Data for review START
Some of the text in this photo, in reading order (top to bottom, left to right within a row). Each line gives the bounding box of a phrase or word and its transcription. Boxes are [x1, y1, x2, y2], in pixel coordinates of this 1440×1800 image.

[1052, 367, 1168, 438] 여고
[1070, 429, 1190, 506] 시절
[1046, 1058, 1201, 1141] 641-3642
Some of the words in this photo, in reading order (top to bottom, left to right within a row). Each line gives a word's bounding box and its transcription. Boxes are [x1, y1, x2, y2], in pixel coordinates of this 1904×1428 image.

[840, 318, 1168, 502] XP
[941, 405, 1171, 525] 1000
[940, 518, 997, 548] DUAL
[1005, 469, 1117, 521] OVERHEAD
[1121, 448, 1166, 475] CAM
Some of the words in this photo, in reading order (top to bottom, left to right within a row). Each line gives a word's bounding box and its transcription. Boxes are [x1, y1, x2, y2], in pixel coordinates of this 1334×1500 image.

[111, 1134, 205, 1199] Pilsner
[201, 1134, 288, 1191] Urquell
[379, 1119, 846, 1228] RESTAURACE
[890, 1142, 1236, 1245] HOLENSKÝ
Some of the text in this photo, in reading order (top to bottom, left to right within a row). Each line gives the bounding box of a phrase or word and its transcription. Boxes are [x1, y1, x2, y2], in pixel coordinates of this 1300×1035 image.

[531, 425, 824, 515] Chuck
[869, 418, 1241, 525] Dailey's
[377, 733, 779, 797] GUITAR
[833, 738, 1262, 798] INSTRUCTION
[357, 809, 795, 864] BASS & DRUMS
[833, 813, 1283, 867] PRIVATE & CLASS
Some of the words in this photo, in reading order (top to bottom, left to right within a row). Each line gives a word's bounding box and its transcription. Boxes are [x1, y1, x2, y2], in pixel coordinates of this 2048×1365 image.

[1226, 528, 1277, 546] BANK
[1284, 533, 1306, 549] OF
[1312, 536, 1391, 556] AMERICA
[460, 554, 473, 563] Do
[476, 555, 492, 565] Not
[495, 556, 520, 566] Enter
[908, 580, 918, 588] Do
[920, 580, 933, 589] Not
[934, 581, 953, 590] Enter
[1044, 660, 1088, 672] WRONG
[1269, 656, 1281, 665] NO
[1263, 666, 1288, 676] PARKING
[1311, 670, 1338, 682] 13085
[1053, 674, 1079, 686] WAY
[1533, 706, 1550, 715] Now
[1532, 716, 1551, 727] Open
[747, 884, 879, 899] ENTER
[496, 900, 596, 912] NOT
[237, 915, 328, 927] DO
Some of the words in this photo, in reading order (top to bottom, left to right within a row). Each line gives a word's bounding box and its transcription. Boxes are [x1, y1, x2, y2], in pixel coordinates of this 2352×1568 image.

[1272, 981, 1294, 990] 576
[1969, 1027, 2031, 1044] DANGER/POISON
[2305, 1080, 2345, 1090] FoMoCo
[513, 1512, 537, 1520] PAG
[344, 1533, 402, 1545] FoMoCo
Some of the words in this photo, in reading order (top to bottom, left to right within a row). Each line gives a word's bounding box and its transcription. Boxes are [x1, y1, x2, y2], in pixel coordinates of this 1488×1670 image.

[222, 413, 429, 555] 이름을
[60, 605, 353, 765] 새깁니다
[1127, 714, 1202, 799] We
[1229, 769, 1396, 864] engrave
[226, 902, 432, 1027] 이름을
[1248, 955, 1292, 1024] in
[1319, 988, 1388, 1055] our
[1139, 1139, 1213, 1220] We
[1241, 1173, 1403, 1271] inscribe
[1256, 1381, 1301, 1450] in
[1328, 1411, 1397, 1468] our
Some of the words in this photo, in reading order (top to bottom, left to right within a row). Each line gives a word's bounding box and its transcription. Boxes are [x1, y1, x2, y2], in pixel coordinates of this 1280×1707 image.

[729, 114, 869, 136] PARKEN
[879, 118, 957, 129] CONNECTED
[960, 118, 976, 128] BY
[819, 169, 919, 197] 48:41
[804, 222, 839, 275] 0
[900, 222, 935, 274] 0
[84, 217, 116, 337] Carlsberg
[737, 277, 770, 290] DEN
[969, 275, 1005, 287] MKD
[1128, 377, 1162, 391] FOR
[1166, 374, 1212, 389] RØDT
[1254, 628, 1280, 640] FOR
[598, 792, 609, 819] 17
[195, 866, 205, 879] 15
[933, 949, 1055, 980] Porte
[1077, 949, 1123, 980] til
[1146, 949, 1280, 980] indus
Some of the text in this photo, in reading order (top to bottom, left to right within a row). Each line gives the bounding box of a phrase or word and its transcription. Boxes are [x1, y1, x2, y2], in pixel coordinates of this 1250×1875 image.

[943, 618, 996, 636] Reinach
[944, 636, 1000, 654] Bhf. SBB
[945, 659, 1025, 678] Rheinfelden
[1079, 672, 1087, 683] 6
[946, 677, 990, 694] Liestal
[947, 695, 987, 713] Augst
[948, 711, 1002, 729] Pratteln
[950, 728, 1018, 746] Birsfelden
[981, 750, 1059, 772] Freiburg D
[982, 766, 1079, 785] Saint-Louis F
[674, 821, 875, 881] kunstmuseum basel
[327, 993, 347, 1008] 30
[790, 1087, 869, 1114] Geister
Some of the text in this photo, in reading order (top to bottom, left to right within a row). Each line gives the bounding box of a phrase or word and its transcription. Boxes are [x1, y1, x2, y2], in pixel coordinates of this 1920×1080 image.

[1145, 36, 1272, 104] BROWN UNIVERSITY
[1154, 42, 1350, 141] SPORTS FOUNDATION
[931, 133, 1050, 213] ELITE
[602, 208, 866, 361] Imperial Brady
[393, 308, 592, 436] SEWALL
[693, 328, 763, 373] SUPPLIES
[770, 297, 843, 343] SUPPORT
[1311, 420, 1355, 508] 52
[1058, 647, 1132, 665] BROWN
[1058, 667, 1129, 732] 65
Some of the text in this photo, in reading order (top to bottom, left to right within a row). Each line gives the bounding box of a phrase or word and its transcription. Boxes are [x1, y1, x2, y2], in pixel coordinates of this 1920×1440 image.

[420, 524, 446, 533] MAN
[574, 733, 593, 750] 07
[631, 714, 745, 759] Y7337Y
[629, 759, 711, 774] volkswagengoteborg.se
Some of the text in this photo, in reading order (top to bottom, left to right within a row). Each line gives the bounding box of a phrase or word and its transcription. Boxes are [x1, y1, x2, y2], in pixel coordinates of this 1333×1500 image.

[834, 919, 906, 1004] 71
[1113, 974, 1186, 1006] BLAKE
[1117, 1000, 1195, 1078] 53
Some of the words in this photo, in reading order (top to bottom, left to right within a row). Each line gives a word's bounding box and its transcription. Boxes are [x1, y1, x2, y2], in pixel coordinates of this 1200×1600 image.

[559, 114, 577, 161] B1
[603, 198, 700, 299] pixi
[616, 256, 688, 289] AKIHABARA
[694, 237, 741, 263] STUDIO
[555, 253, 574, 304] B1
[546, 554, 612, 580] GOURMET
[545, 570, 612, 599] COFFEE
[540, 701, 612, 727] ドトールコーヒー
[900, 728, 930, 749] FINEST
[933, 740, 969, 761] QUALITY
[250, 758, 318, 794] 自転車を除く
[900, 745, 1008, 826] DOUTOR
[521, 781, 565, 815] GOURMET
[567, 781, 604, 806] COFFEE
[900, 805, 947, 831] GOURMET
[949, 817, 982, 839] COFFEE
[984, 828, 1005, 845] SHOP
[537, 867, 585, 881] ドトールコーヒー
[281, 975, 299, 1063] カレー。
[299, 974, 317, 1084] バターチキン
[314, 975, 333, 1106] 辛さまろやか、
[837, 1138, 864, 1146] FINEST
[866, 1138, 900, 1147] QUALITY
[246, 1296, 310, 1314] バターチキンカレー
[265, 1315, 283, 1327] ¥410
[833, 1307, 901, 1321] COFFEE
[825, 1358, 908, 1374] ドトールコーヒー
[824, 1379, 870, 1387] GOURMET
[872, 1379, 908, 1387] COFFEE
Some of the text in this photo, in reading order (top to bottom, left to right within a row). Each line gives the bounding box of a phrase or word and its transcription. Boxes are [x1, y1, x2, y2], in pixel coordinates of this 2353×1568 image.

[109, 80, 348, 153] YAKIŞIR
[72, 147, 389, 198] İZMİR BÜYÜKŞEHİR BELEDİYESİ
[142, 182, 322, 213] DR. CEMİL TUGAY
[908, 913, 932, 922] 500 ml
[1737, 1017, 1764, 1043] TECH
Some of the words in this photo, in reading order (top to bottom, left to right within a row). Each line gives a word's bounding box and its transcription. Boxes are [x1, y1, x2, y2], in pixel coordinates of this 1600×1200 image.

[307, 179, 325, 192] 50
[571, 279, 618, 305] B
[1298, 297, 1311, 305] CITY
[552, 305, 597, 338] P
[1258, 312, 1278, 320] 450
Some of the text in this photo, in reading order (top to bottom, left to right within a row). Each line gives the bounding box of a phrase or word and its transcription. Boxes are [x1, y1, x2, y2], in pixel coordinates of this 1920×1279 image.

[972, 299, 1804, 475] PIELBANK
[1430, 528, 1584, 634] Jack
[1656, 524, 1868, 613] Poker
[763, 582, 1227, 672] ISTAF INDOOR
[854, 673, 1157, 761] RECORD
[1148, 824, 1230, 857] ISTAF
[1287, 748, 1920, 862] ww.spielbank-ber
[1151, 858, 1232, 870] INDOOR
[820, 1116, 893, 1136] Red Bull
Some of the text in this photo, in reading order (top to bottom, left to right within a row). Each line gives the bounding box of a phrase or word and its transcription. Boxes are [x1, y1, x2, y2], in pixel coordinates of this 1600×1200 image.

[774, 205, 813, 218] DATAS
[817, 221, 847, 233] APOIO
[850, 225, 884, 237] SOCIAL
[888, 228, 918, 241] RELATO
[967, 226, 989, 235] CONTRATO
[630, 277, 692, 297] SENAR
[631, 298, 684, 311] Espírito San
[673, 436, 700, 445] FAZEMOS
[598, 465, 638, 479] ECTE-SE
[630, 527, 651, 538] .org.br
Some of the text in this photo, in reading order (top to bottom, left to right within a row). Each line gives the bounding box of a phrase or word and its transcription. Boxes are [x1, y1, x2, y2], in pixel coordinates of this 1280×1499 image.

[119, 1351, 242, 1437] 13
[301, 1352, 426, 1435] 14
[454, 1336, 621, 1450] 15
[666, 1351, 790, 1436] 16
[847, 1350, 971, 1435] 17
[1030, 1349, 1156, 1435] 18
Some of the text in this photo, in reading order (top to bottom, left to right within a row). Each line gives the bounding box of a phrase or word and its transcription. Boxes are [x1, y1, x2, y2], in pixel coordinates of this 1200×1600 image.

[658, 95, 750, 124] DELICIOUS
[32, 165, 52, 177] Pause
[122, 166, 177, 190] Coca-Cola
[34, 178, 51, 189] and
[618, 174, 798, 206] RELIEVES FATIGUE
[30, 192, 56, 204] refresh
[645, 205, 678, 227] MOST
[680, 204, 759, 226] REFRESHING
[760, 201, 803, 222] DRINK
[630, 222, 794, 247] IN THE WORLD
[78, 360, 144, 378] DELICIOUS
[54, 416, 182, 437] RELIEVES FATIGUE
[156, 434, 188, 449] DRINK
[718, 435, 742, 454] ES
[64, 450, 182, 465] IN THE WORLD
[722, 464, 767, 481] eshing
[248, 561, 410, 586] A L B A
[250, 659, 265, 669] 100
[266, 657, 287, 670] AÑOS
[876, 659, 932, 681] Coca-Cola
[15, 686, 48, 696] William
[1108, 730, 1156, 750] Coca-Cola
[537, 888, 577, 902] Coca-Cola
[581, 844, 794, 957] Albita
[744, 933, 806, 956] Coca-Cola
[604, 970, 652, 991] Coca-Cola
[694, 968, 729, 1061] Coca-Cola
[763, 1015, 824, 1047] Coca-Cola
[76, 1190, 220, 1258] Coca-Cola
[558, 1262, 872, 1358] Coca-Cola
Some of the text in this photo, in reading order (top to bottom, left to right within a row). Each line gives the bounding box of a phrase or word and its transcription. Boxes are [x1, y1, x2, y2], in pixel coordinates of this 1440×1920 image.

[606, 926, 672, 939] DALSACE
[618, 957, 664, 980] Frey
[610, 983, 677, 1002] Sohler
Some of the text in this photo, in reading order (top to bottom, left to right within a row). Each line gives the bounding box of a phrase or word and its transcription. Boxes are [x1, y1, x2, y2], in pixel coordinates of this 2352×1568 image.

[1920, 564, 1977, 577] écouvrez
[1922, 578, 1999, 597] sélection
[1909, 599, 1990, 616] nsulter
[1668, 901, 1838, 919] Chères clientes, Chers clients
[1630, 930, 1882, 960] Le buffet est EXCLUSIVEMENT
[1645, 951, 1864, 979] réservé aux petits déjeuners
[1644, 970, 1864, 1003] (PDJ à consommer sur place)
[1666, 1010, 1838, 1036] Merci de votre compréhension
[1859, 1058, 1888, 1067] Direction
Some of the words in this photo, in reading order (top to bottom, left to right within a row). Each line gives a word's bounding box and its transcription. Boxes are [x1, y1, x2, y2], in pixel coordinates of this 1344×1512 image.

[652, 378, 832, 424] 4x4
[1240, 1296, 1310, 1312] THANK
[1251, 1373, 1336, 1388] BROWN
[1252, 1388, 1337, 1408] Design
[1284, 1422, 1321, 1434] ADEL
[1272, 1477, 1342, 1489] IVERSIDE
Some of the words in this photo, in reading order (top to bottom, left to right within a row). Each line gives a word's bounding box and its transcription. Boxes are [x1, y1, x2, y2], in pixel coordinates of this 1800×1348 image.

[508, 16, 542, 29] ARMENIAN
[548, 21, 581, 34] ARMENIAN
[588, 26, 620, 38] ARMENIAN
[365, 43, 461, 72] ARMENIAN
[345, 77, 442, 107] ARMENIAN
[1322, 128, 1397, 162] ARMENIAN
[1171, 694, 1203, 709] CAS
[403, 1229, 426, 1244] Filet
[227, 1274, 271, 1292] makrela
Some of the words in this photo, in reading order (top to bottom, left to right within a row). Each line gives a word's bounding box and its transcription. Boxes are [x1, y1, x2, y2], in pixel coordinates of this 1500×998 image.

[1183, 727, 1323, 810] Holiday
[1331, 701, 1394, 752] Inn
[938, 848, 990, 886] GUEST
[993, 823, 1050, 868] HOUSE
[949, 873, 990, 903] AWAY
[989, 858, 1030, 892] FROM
Data for review END
▶ [Exercise]
Print exactly the lines that run from the line containing "this 1800×1348 image." to the end of the data, both ends included.

▶ [Response area]
Some of the words in this photo, in reading order (top to bottom, left to right within a row). Each line gives a word's bounding box and its transcription. Boxes are [x1, y1, x2, y2], in pixel coordinates of this 1800×1348 image.

[508, 16, 542, 29] ARMENIAN
[548, 21, 581, 34] ARMENIAN
[588, 26, 620, 38] ARMENIAN
[365, 43, 461, 72] ARMENIAN
[345, 77, 442, 107] ARMENIAN
[1322, 128, 1397, 162] ARMENIAN
[1171, 694, 1203, 709] CAS
[403, 1229, 426, 1244] Filet
[227, 1274, 271, 1292] makrela
Some of the words in this photo, in reading order (top to bottom, left to right within a row). Each line gives a word's bounding box and its transcription. Boxes are [x1, y1, x2, y2], in pixel coordinates of this 1500×998 image.

[1183, 727, 1323, 810] Holiday
[1331, 701, 1394, 752] Inn
[938, 848, 990, 886] GUEST
[993, 823, 1050, 868] HOUSE
[949, 873, 990, 903] AWAY
[989, 858, 1030, 892] FROM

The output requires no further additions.